Everyone wants a Non-Disclosure Agreement (NDA) template in their pocket. What should be in your NDA?
What Laws Apply?
Every company starts with an idea and is propelled forward by business relationships. At first, that idea receives its intellectual property protection (if any) as a Trade Secret. Trade secrets used to be protected only by the laws of each State, but in 2016 Congress passed the Defend Trade Secrets Act (DTSA) to give trade secret owners national protection. So when you create a NDA, you should make sure it conforms to the rules of both the State federal laws.
Trade Secret laws protect ideas that (i) are not known or readily ascertainable outside your company, (ii) give you a competitive advantage by not being disclosed to your competitors, and (iii) you use reasonable measures to keep secret. Since ideas require business relationships to move forward, it is widely accepted that those reasonable measures include disclosing trade secrets to a select group of non-competitors, as long as there is a deterrent to keep that group from further disclosing the secret. So your NDA needs to provide such a deterrent.
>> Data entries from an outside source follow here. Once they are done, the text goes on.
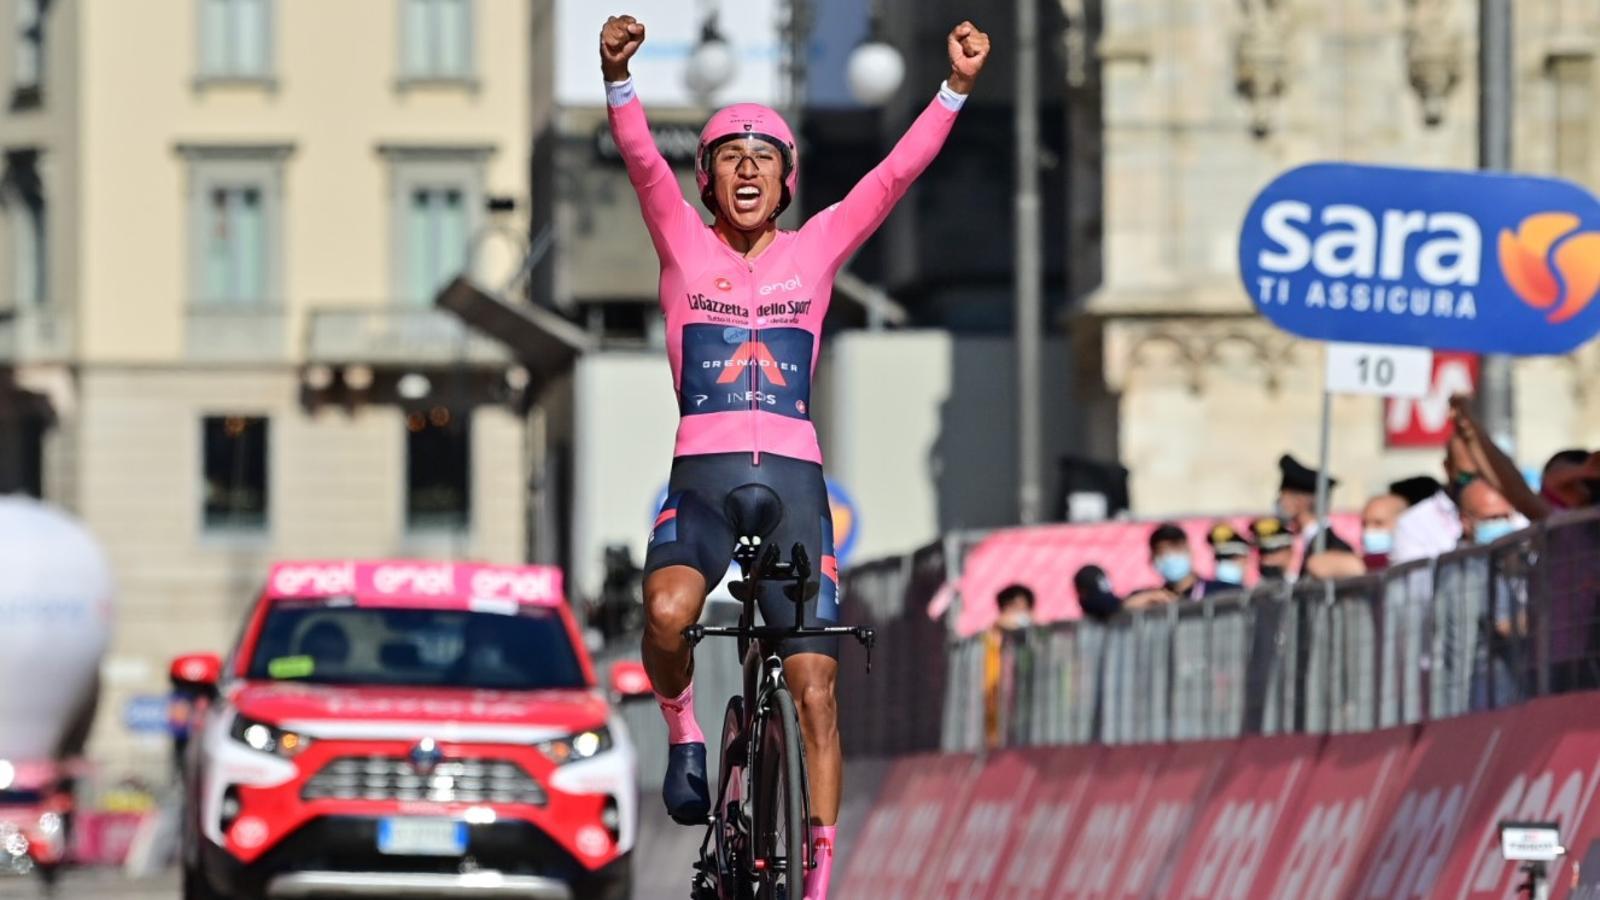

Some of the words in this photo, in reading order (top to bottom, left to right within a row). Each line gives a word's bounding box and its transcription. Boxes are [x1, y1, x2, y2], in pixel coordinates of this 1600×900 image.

[1257, 200, 1483, 287] sara
[759, 274, 802, 296] enel
[1257, 276, 1290, 306] TI
[1305, 280, 1478, 320] ASSICURA
[756, 303, 786, 317] dello
[787, 299, 812, 317] Sport
[702, 359, 798, 372] GRENADIER
[1354, 356, 1396, 388] 10
[727, 391, 777, 405] INEOS
[274, 564, 356, 595] enel
[373, 563, 455, 595] enel
[471, 568, 553, 602] enel
What Ideas Should Be Covered?
Your NDA should not disclose the secret. Rather it should state in general terms what kind of information or data you want to keep a secret. Examples include plans (business, pricing, and strategic), financial data, lists of clients and prospective clients, internal training programs, and any other internal “content” such as designs, drawings, and notes about inventions, as well as the existence and details of any contracts and joint ventures. Note that “content” could have been protected by copyright laws since it can be thought of as a creative work. But in order to protect such documents by copyright, you would have to disclose the material to the copyright office—which defeats the requirement to “keep it a secret.”
What To Prohibit
NDAs may be bi-lateral. That is, you may expect to receive trade secrets as well as disclose them. So you might want to have a sunset clause for your own protection: The agreement expires in x years, or anything that ceases to be a trade secret (through no fault of the receiving partner) is no longer protected by the agreement.
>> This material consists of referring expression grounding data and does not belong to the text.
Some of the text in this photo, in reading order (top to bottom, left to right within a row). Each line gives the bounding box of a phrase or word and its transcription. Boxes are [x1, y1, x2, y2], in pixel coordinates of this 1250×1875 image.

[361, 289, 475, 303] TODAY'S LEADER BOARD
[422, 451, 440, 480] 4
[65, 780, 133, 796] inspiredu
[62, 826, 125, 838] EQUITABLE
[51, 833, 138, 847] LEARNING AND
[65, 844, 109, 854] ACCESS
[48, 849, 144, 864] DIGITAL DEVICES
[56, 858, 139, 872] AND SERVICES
You need to prohibit not only disclosure, but also use. It would be just as damaging to your company if the partner you disclosed your secrets to started using your ideas.
You need to be able to stop the disclosure or use legally—that requires an injunction, which should be spelled out as a remedy for violating the agreement. Another remedy you might consider is “liquidated damages.” That gives you a guaranteed sum of money if there is a violation. But be careful with that. It could result in a payout that is too small compared to the upside potential of the idea in the marketplace.
Don’t forget to include an “attorney fees” provision. Without that, you may have to pay your lawyer to help you defend your secrets against violations by your disclosure partner.
In order to invoke the DTSA and therefore federal protection of your ideas, your NDA must have specific language that allows your disclosure partner in the agreement to disclose the information as a “whistleblower.”
While I have encountered and heard of persons who refuse to sign any NDA (they fear it always sets them up for a nuisance lawsuit), the truth is that NDAs are ubiquitous. You should have one ready to sign before you disclose any secrets. Now that you know what should be in one, look for those elements in any NDA you may encounter—whether you want to hand it out, or someone hands it to you.